Entre os mais de 400 mil estudantes da educação especial, a imensa maioria, cerca de 77,3% estão matriculados na rede pública, sendo quase metade, o equivalente a 47,3% = na rede pública municipal de ensino, ou seja, em escolas de ensinos iniciais e 30% estudam na rede pública estadual, entre o ensino fundamental final e o ensino médio. 22,1% estudam em unidades da rede privada de ensino e apenas 0,6% são estudantes da rede federal. 

 

No que diz respeito às etapas da educação, 31,8% dos estudantes da educação especial registrados pelo Painel estão nos anos iniciais do ensino fundamental, entre do 1º ao 5º ano; 30% estão nos finais do ensino fundamental, entre o 6° e 9° ano; 14,4% estão no Ensino Médio e 11,4% estão na pré-escola. 

 

Os estudantes do Ensino de Jovens e Adultos, o EJA, se destacam, com 7,1% das matrículas, seguidos pelos alunos matriculados em creches, 4,3%. Apenas 0,9% das matrículas da educação especial correspondem a 0,9%. 

 

O perfil das matrículas também ajuda a compreender a faixa etária dos estudantes. Conforme o estudo, 67,7% dos estudantes da educação especial em Salvador possuem até 14 anos. Em seguida, aparecem os alunos entre 15 e 17, totalizando 17,3% dos estudantes e os estudantes de 18 a 24, com 11,2% dos registros de matrícula. Uma minoria de 1,3% possuem entre 25 a 29 anos, 0,7% possuem entre 30 e 24 anos e, por fim, 1,9% tem mais de 35 anos. 

 

O levantamento do Instituto Rodrigo Mendes categoriza ainda os tipos de deficiência dos alunos da educação especial na capital baiana. Assim, 44,1% dos alunos, quase a metade, possui algum tipo de deficiência intelectual e outros 38,8% apresentam diagnóstico de autismo, em diferentes espectros e níveis de apoio.

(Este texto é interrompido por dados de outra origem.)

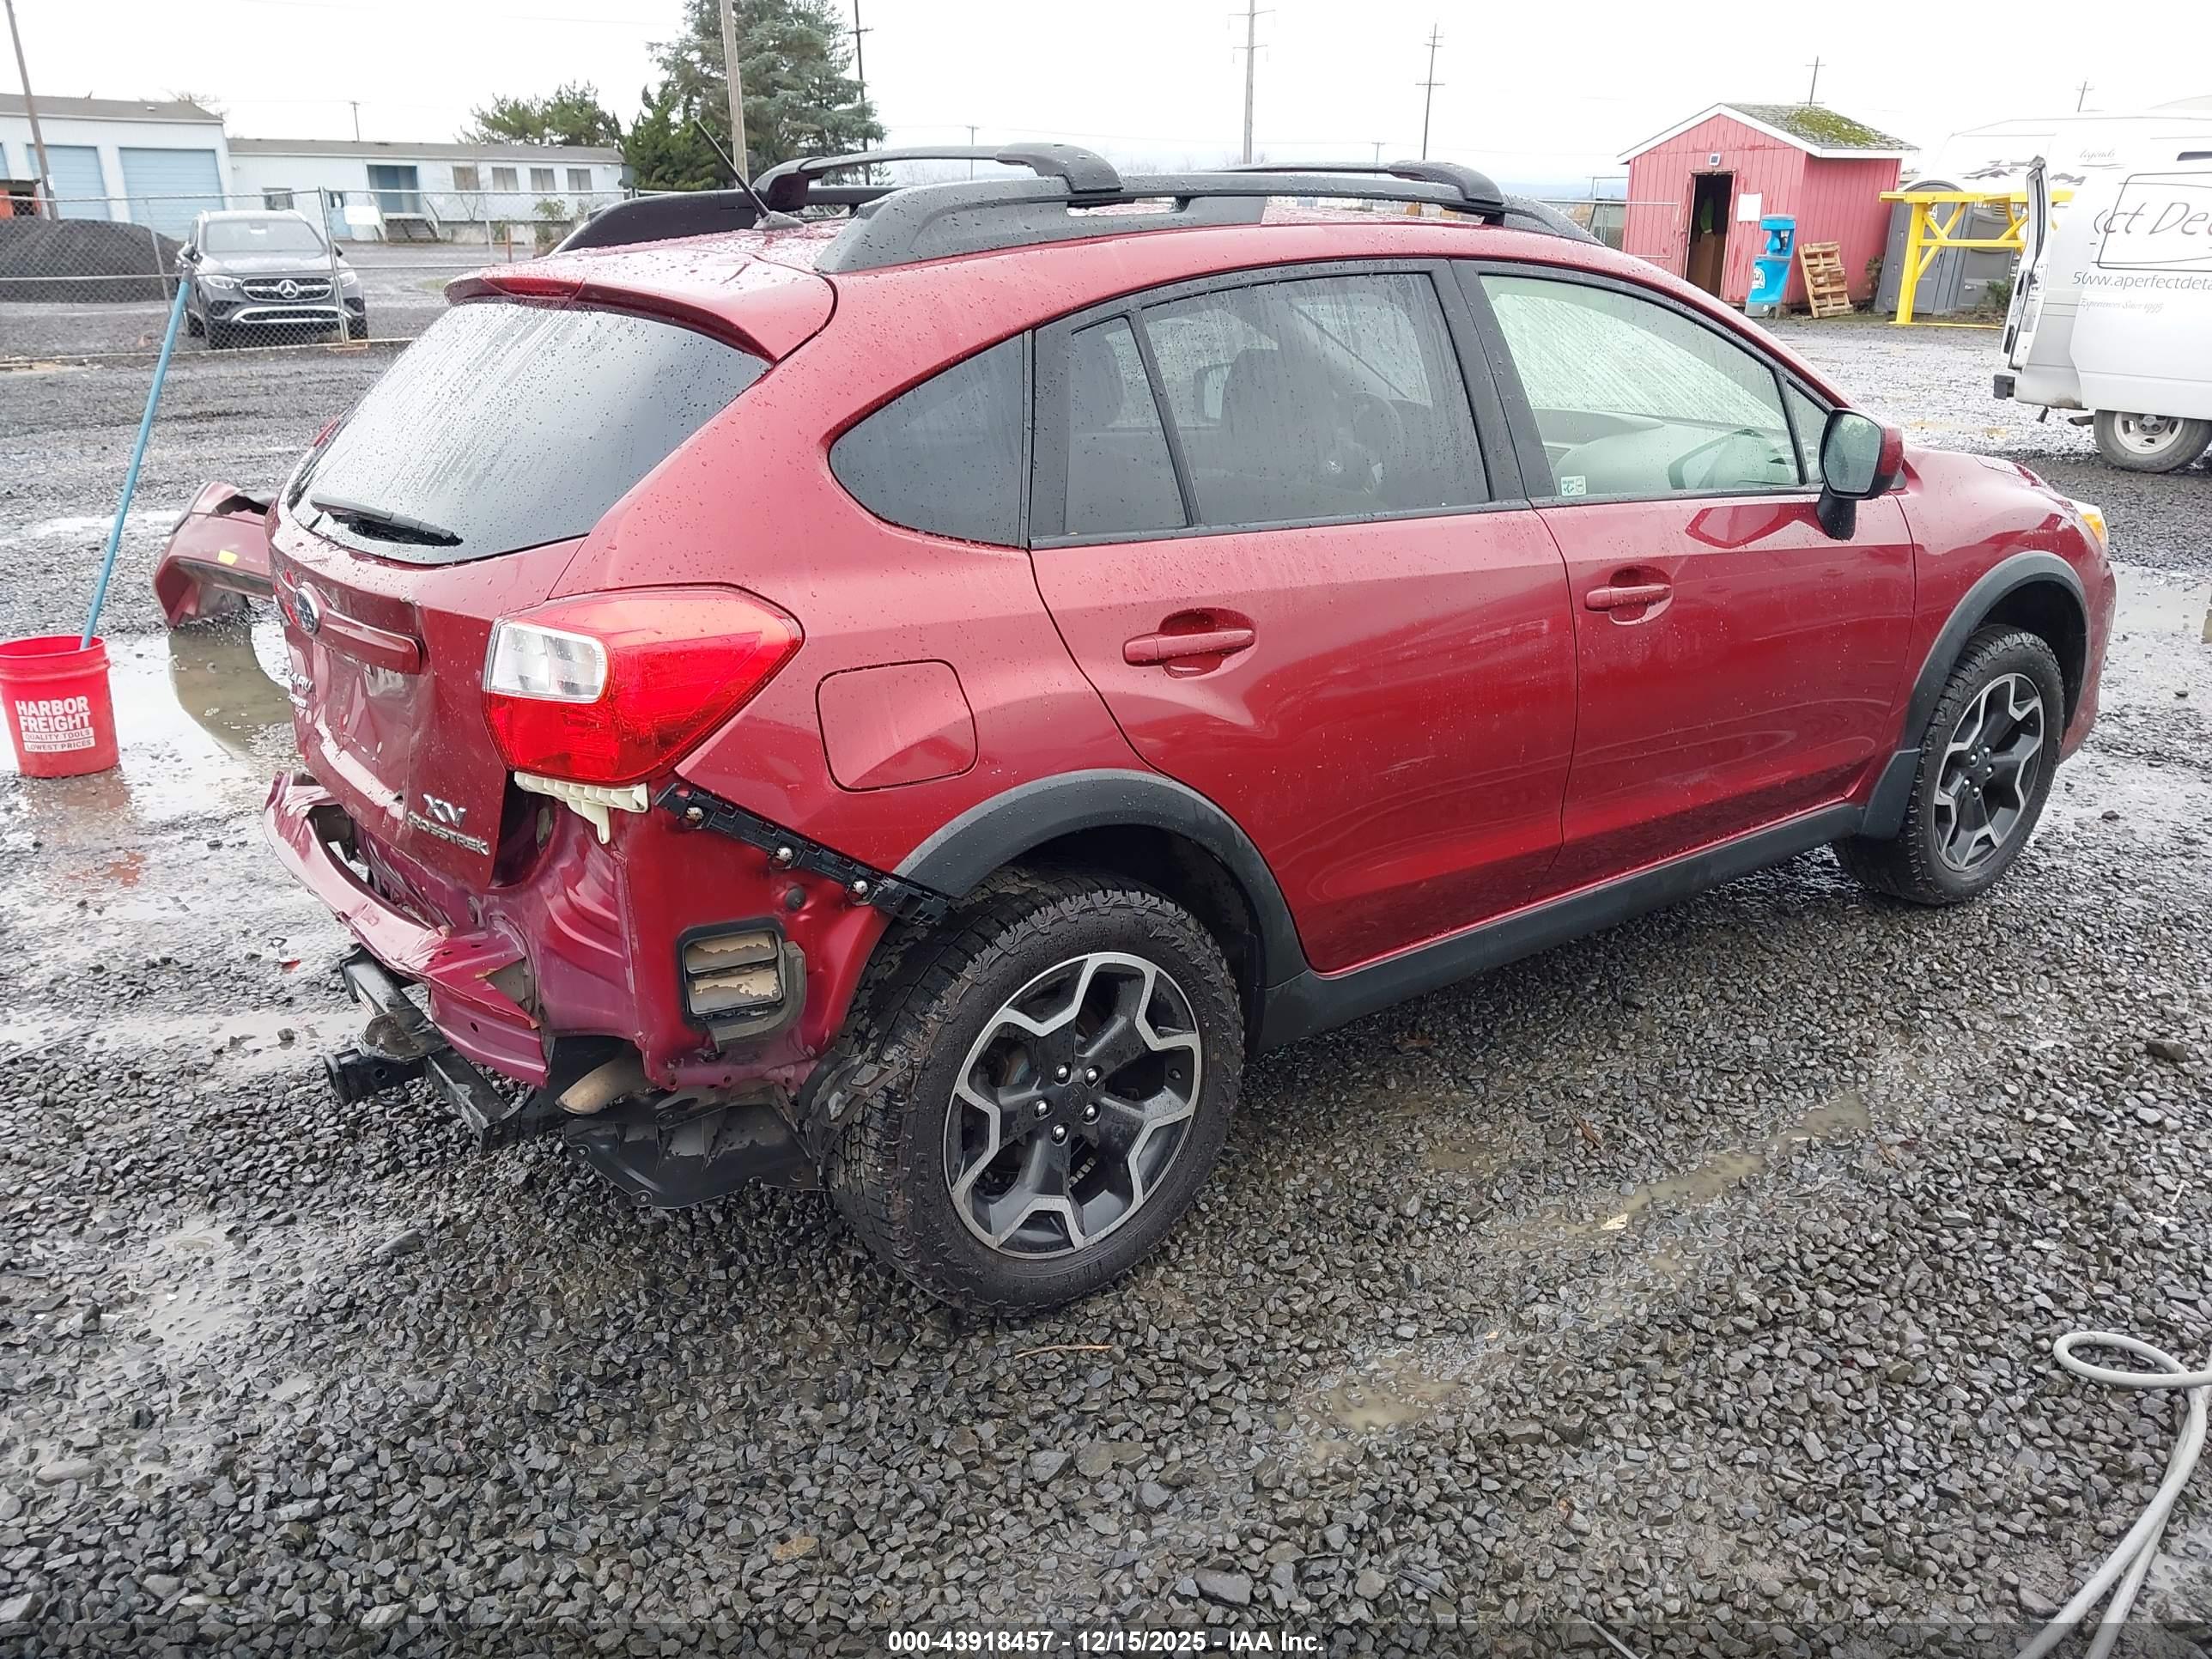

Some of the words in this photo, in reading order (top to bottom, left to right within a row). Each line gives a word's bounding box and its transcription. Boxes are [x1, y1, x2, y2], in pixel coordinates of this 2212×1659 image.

Em seguida, a deficiência física, em que alguma limitação motora é apresentada, é registrada por 6,2% dos estudantes; 3,9% indicaram baixa visão; 3,1% possuem deficiência múltipla, ou seja, mais de um tipo de deficiência.

 

Entre as minorias estão os alunos com deficiência auditiva, com 1,7% dos registros; altas habilidades ou superdotação, com 1,2% das matrículas ativas; sudez, com 0,7% dos alunos e cegueira, com 0,3%. Nenhum estudante registrou surdocegueira em Salvador. 

 


Gráfico elaborado por Eduarda Pinto/Bahia Notícias

 

CAPACITAÇÃO PROFISSIONAL
A pesquisa revela ainda o cenário docente na educação especial soteropolitana. Atualmente, Salvador possui 21.861 professores nas redes pública e privada, sendo que 21.555 são professores regentes, ou seja, aqueles responsáveis por uma turma ou disciplina, planejamento e ministração das aulas. 

 

 No que diz respeito a capacitação profissional continuada para a Educação Especial, apenas 3,1% de todos os professores regentes baianos possuíam formação continuada sobre Educação Especial. O índice é consideravelmente menor que o registrado no cenário estadual, que registrou 5% dos professores com a capacitação devida. No entanto, quando observados os últimos 12 anos da série histórica, o índice aumentou em relação a 2012, quando 2,0% dos 20.988 professores de Salvador possuíam capacitação. 

 

Neste levantamento, os índices de formação continuada entre os professores é obtido a partir do “número de professores do Atendimento Educacional Especializado que possuem formação continuada com no mínimo 80 horas específicas para Educação Especial”. Nesse contexto, apenas 3,1% de todos os professores regentes baianos possuíam formação continuada sobre Educação Especial. O índice é consideravelmente menor que o registrado no cenário estadual, que registrou 5% dos professores com a capacitação devida. 

 

No entanto, quando observados os últimos 12 anos da série histórica, o índice aumentou em relação a 2012, quando 2,0% dos 20.988 professores de Salvador possuíam capacitação. 

 

Em entrevista ao Bahia Notícias, a professora e pesquisadora Sheila Quadros Uzêda, especialista em Educação Especial vinculada a da Faculdade de Educação (Faced) da Universidade Federal da Bahia (UFBA) explica como funciona a formação continuada em Educação Especial. 

 

“A Educação Especial é uma modalidade transversal de ensino que tem um público específico: os estudantes com deficiência, com transtorno do espectro autista e com altas habilidades/superdotação. O nome da especialização varia, pois cada instituição adota uma nnomenclatura diferente, podendo existir cursos denominados ‘Especialização em Atendimento Educacional Especializado’; ‘Especialização em Educação Inclusiva’ ou ‘Especialização em Educação Especial’”, delimita.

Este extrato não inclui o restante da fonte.